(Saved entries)
+===+

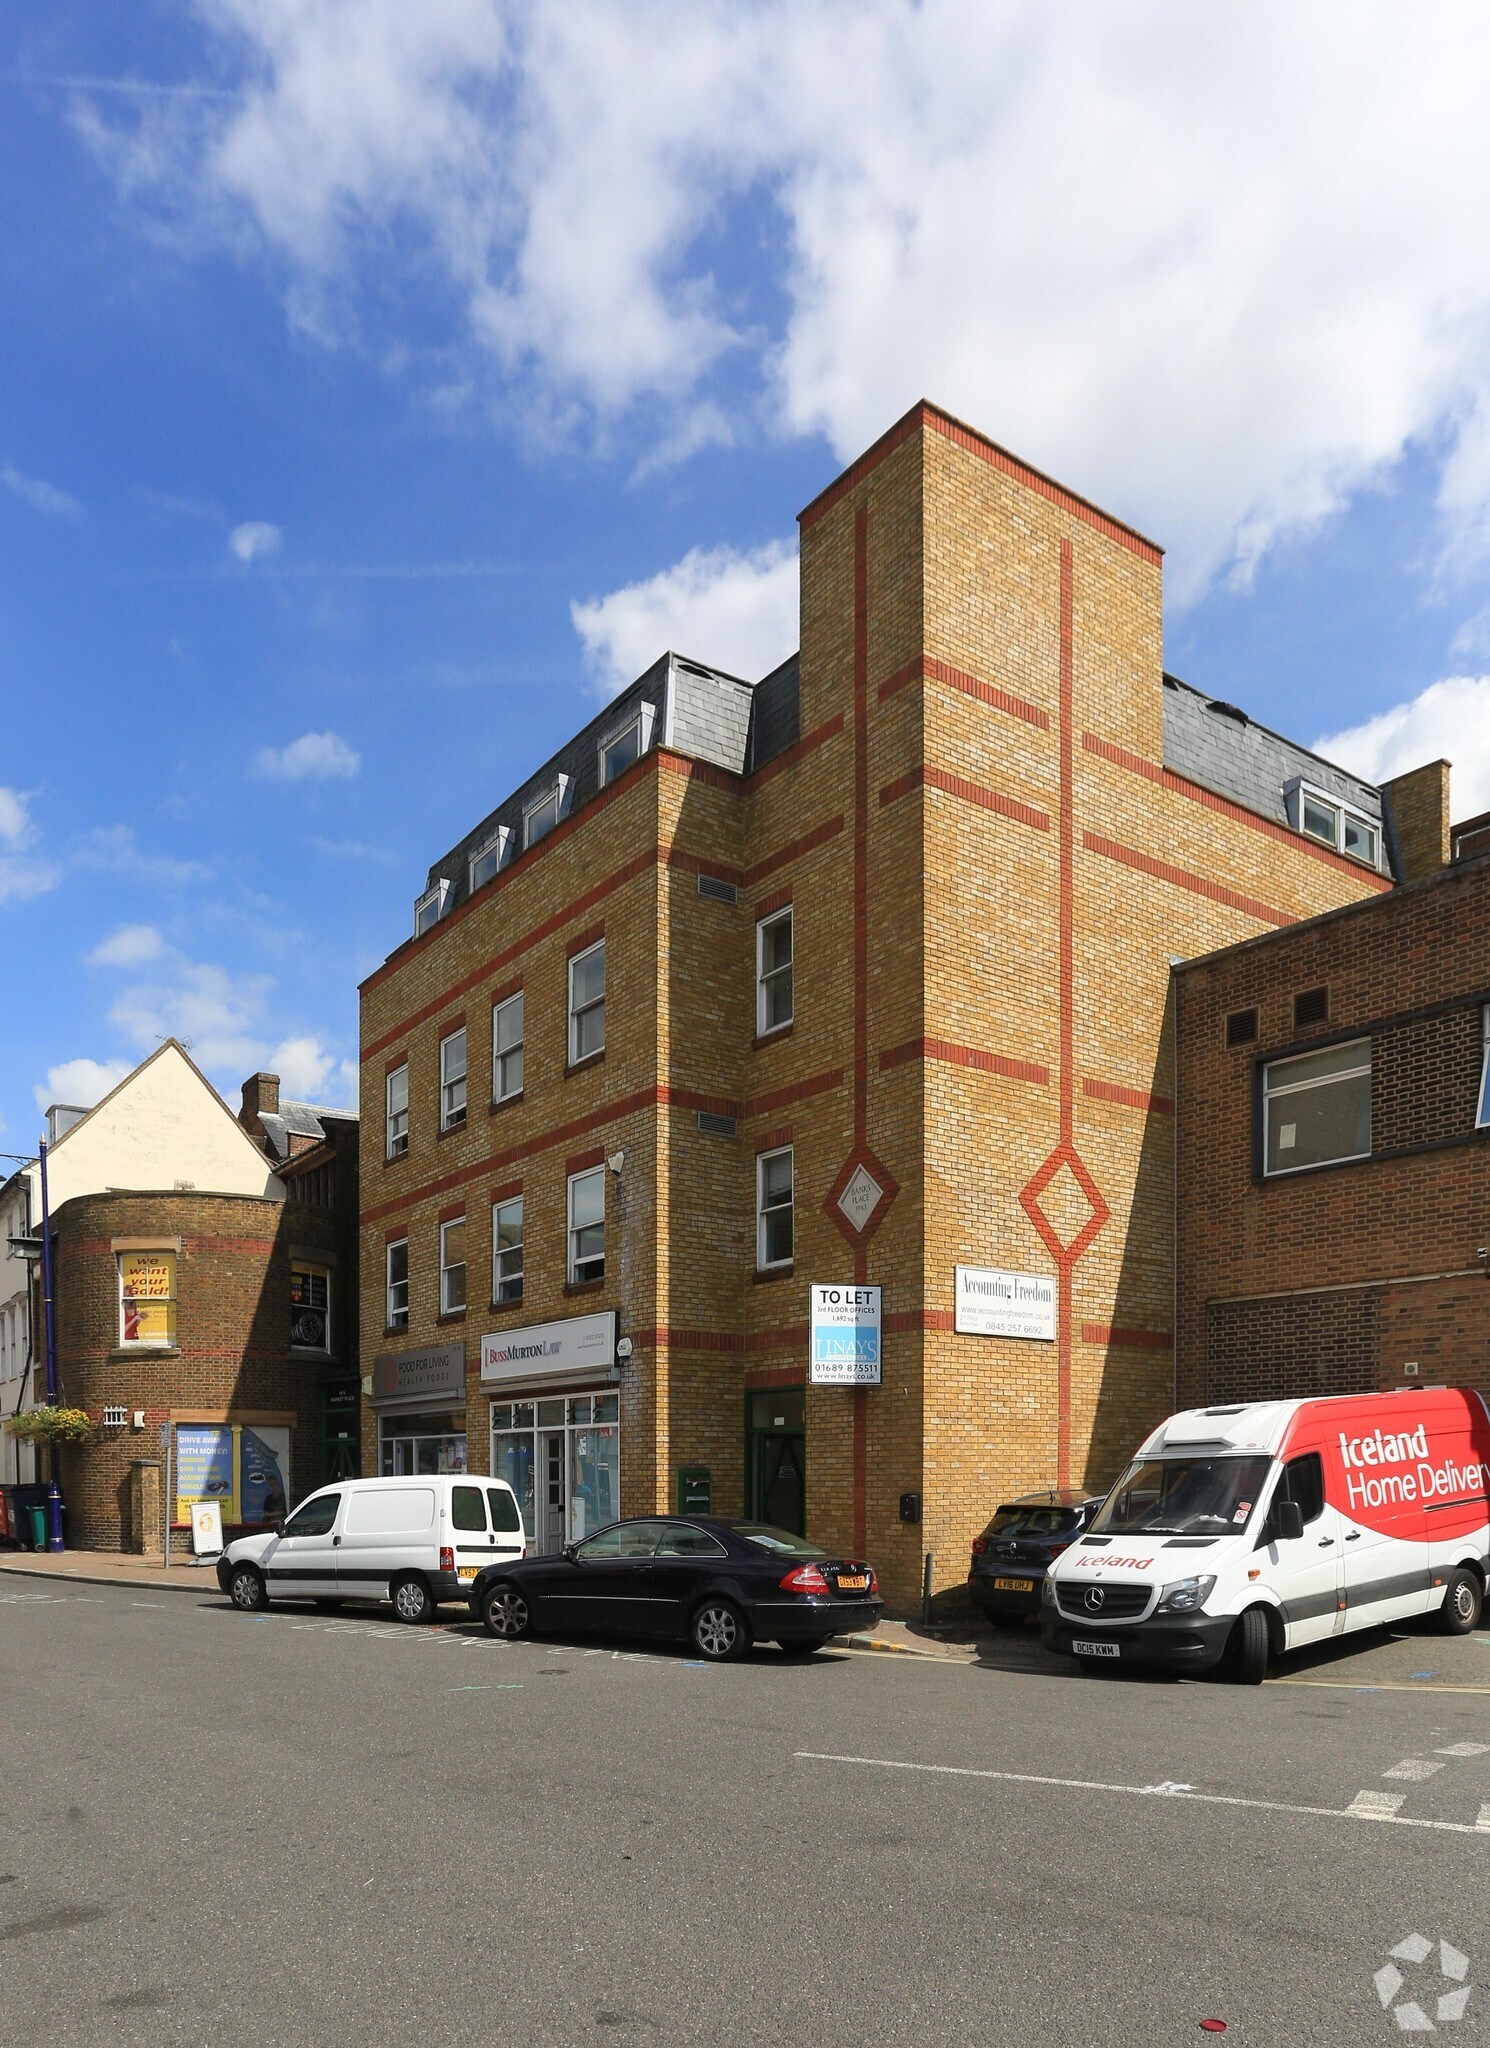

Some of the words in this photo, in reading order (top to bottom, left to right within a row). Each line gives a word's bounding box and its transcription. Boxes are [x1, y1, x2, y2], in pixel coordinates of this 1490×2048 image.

[851, 1184, 871, 1196] BANKS
[852, 1193, 870, 1204] PLACE
[129, 1267, 168, 1275] want
[131, 1278, 167, 1287] your
[961, 1271, 1013, 1305] Accounting
[1014, 1278, 1052, 1303] Freedom
[128, 1286, 170, 1295] Gold!
[819, 1290, 841, 1304] TO
[846, 1291, 873, 1305] LET
[985, 1322, 1006, 1331] 0845
[1007, 1323, 1022, 1333] 257
[1023, 1325, 1043, 1335] 6692
[816, 1339, 877, 1361] LINAYS
[399, 1361, 416, 1373] FOOD
[416, 1358, 429, 1371] FOR
[429, 1354, 449, 1369] LIVING
[814, 1363, 843, 1372] 01689
[847, 1364, 878, 1372] 875511
[427, 1372, 449, 1383] FOODS
[817, 1372, 875, 1381] www.linays.co.uk
[179, 1436, 201, 1444] DRIVE
[202, 1436, 221, 1444] AWAY
[1338, 1423, 1430, 1469] Iceland
[180, 1447, 199, 1455] WITH
[199, 1447, 228, 1455] MONEY!
[1346, 1471, 1417, 1511] Home
[1075, 1555, 1155, 1570] Iceland
[1076, 1642, 1094, 1654] DC15
[1095, 1644, 1114, 1656] KWM
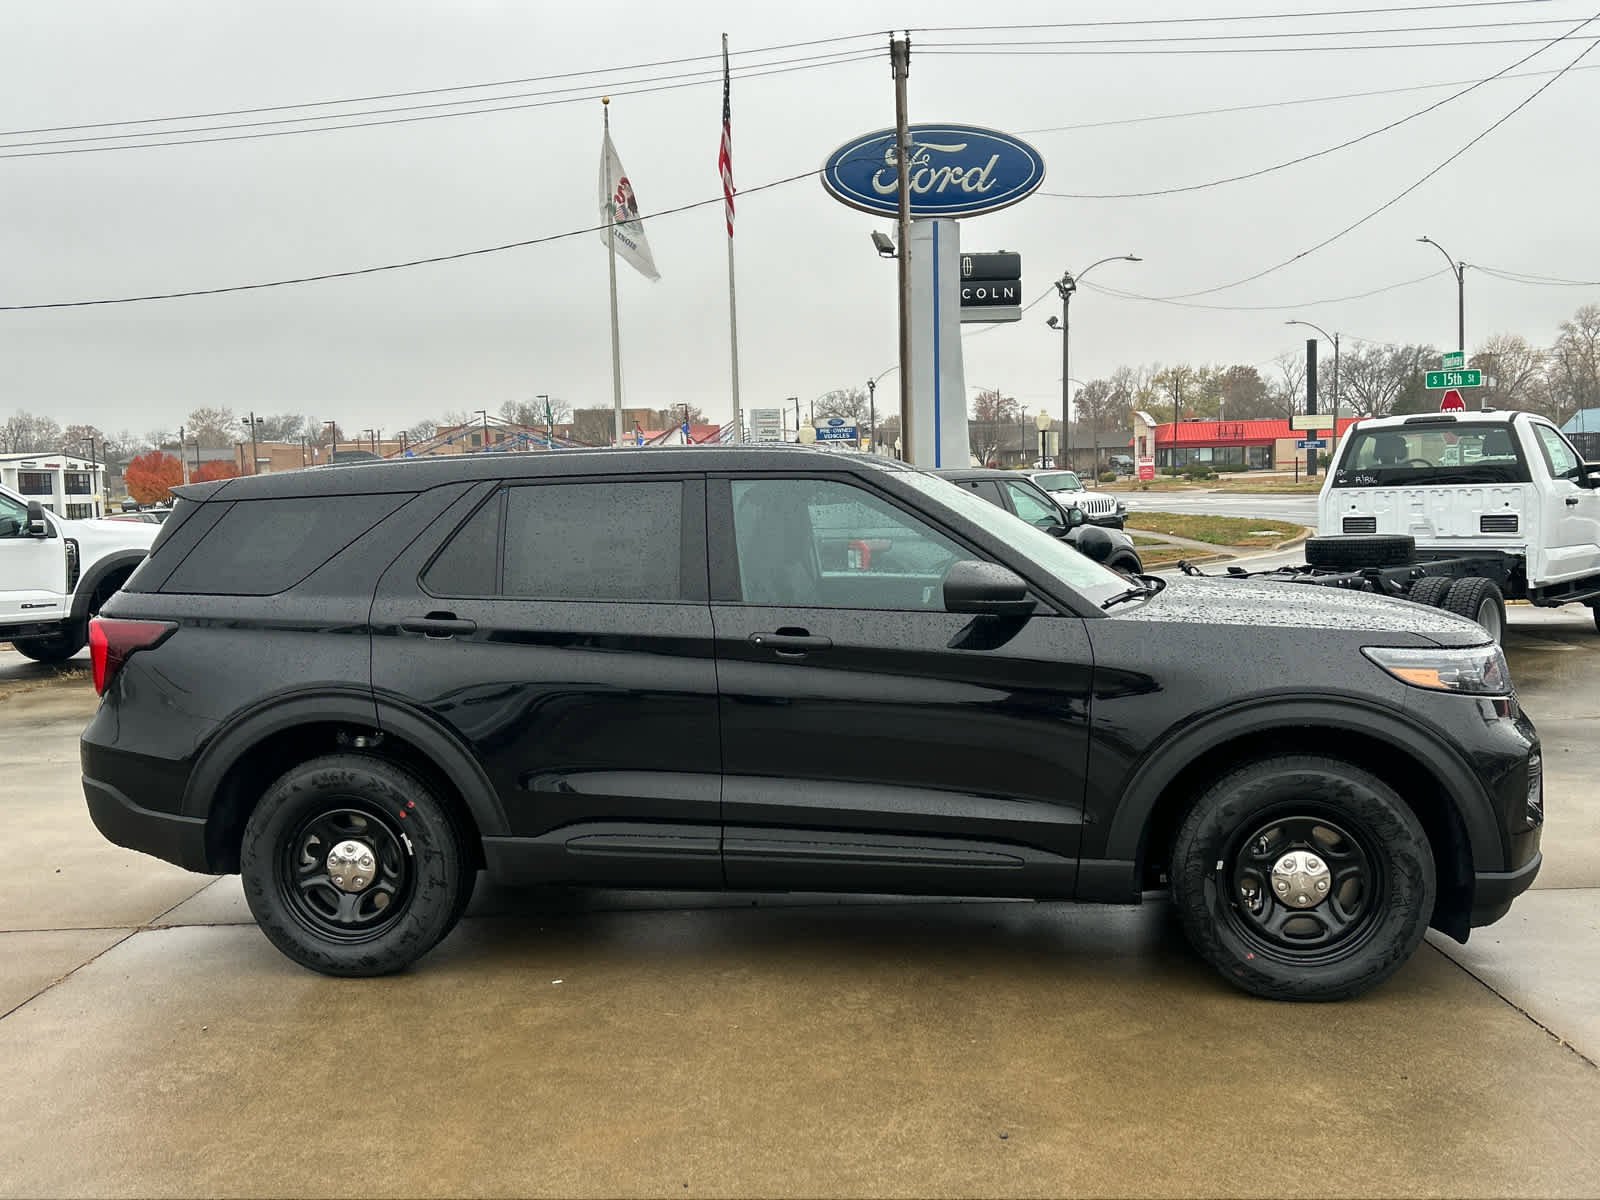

+===+

*What is being asked*. Output all lines above precisely. Pictures are to be left out.

*Answer to this task*.
Some of the words in this photo, in reading order (top to bottom, left to right within a row). Each line gives a word's bounding box and its transcription. Boxes are [x1, y1, x2, y2], in pixel coordinates of this 1490×2048 image.

[851, 1184, 871, 1196] BANKS
[852, 1193, 870, 1204] PLACE
[129, 1267, 168, 1275] want
[131, 1278, 167, 1287] your
[961, 1271, 1013, 1305] Accounting
[1014, 1278, 1052, 1303] Freedom
[128, 1286, 170, 1295] Gold!
[819, 1290, 841, 1304] TO
[846, 1291, 873, 1305] LET
[985, 1322, 1006, 1331] 0845
[1007, 1323, 1022, 1333] 257
[1023, 1325, 1043, 1335] 6692
[816, 1339, 877, 1361] LINAYS
[399, 1361, 416, 1373] FOOD
[416, 1358, 429, 1371] FOR
[429, 1354, 449, 1369] LIVING
[814, 1363, 843, 1372] 01689
[847, 1364, 878, 1372] 875511
[427, 1372, 449, 1383] FOODS
[817, 1372, 875, 1381] www.linays.co.uk
[179, 1436, 201, 1444] DRIVE
[202, 1436, 221, 1444] AWAY
[1338, 1423, 1430, 1469] Iceland
[180, 1447, 199, 1455] WITH
[199, 1447, 228, 1455] MONEY!
[1346, 1471, 1417, 1511] Home
[1075, 1555, 1155, 1570] Iceland
[1076, 1642, 1094, 1654] DC15
[1095, 1644, 1114, 1656] KWM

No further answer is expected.